• TASK STATEMENT
Repeat everything in the data exactly except images.

====== LISTED RECORDS

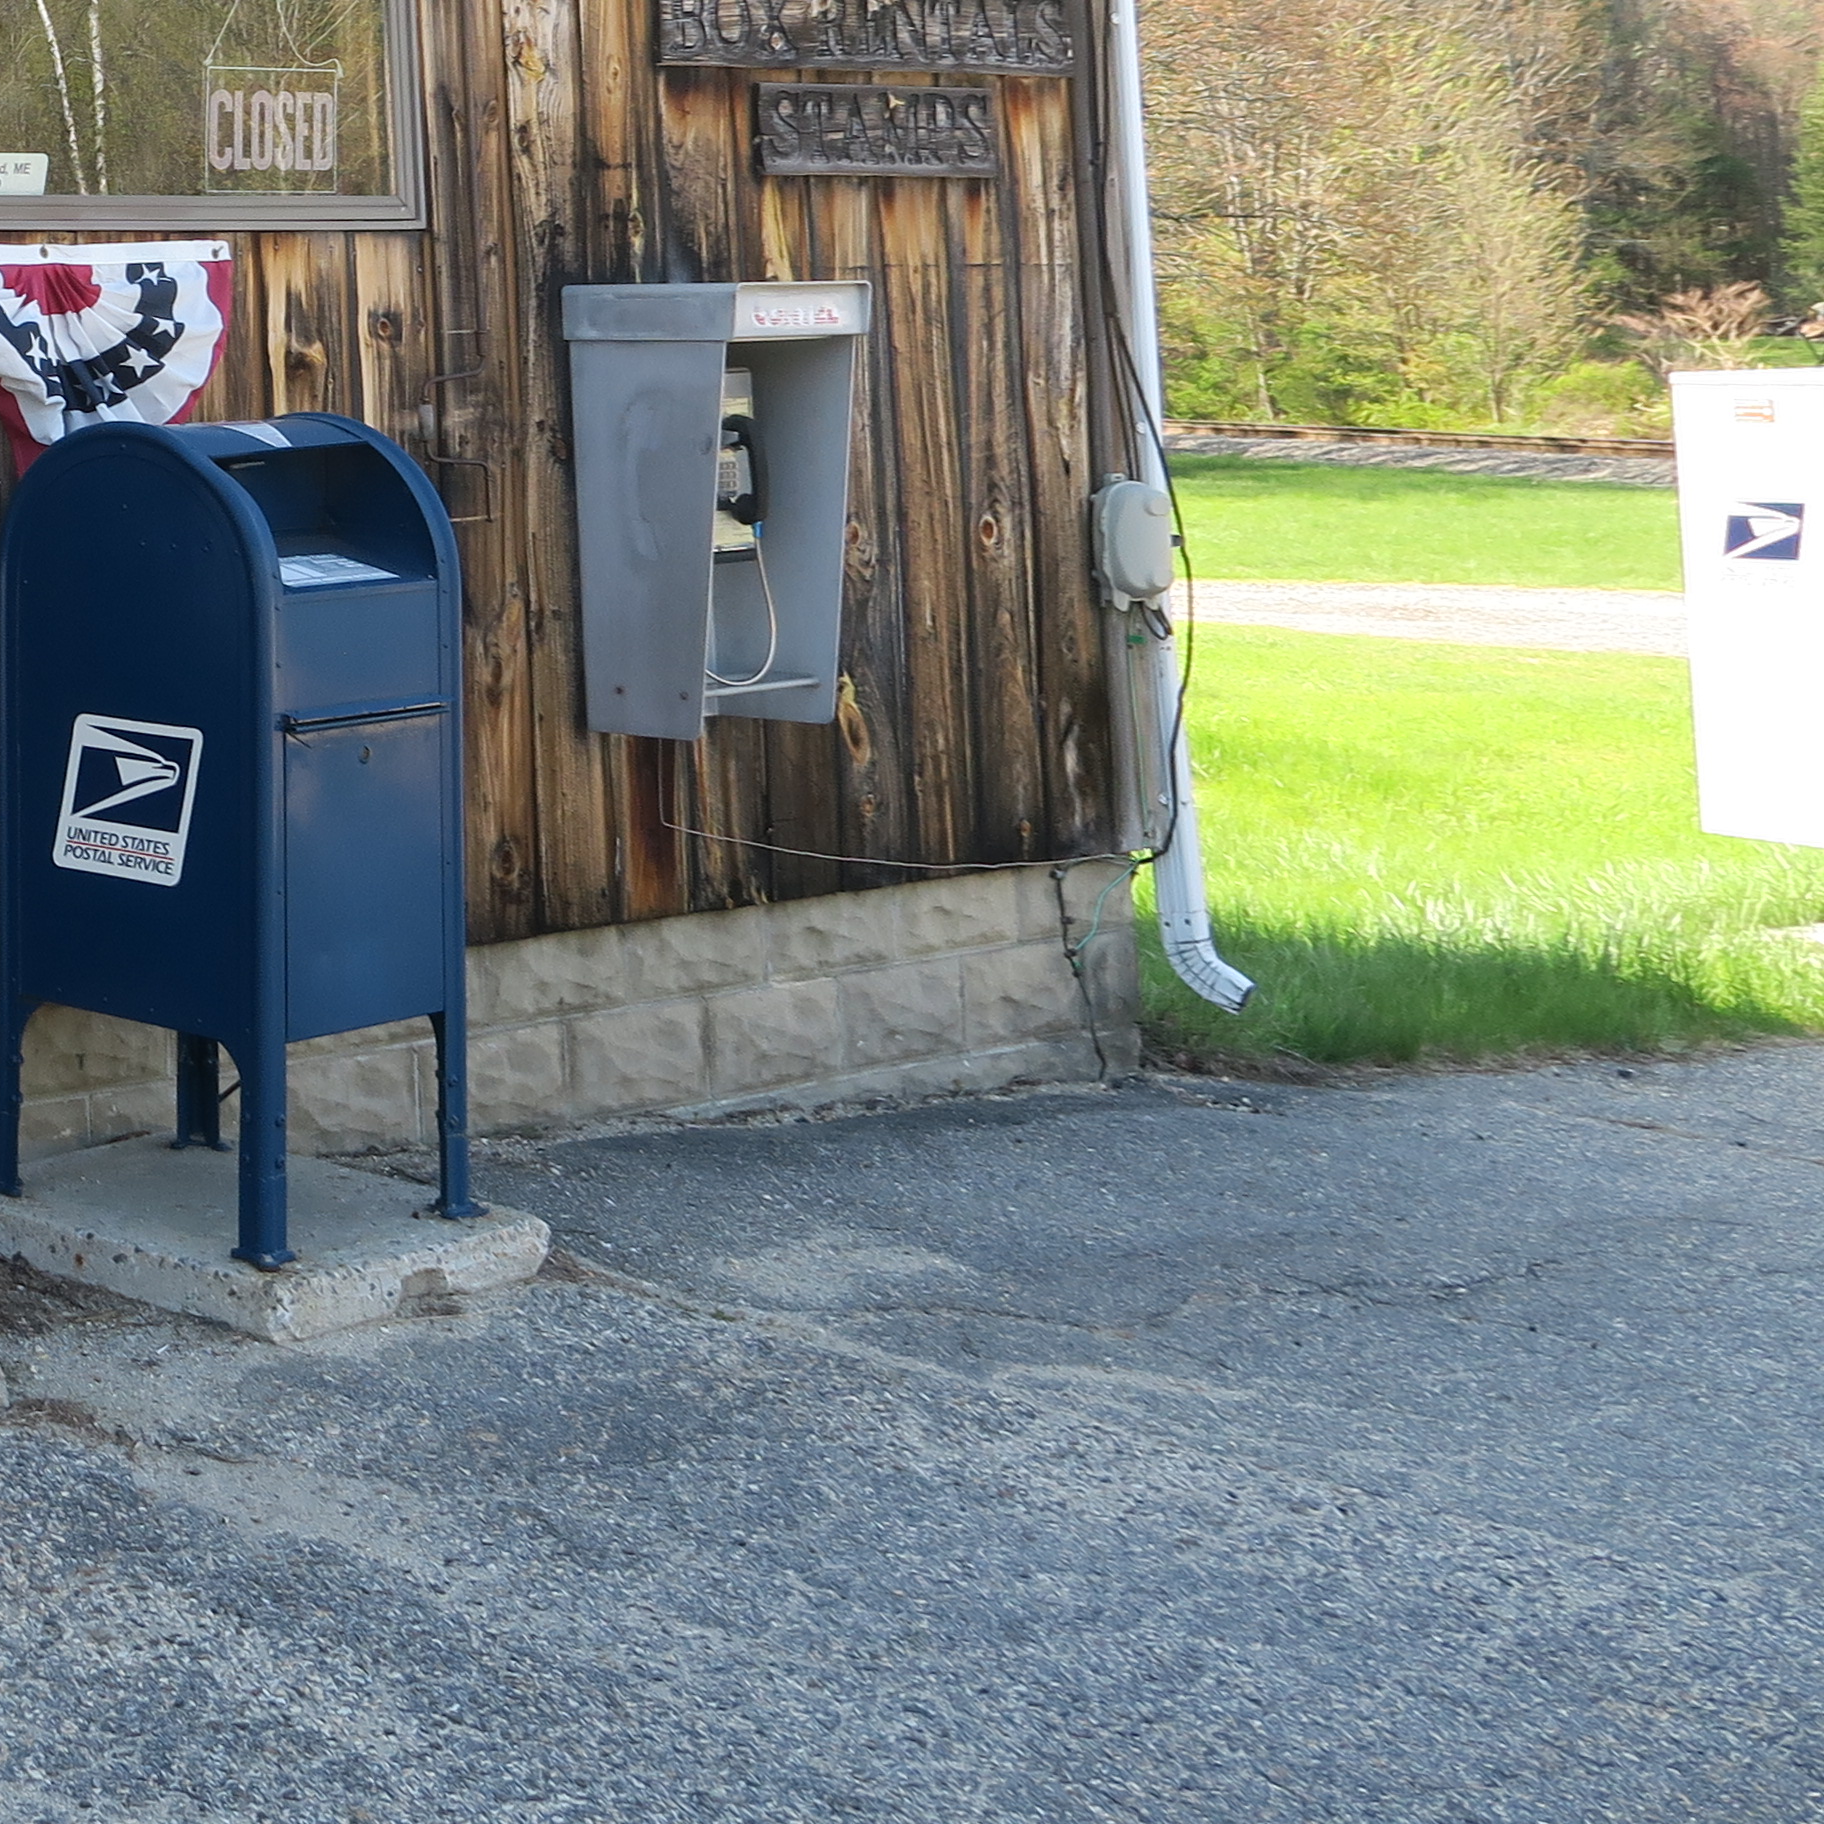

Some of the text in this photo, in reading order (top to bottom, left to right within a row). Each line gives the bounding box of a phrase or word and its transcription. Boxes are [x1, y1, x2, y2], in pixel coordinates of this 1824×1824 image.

[208, 88, 335, 172] CLOSED
[766, 90, 993, 167] STAMPS
[13, 162, 31, 174] ME
[66, 825, 171, 856] UNITED STATES
[63, 843, 175, 876] POSTAL SERVICE

============

• THE COMPLETED TASK
Some of the text in this photo, in reading order (top to bottom, left to right within a row). Each line gives the bounding box of a phrase or word and its transcription. Boxes are [x1, y1, x2, y2], in pixel coordinates of this 1824×1824 image.

[208, 88, 335, 172] CLOSED
[766, 90, 993, 167] STAMPS
[13, 162, 31, 174] ME
[66, 825, 171, 856] UNITED STATES
[63, 843, 175, 876] POSTAL SERVICE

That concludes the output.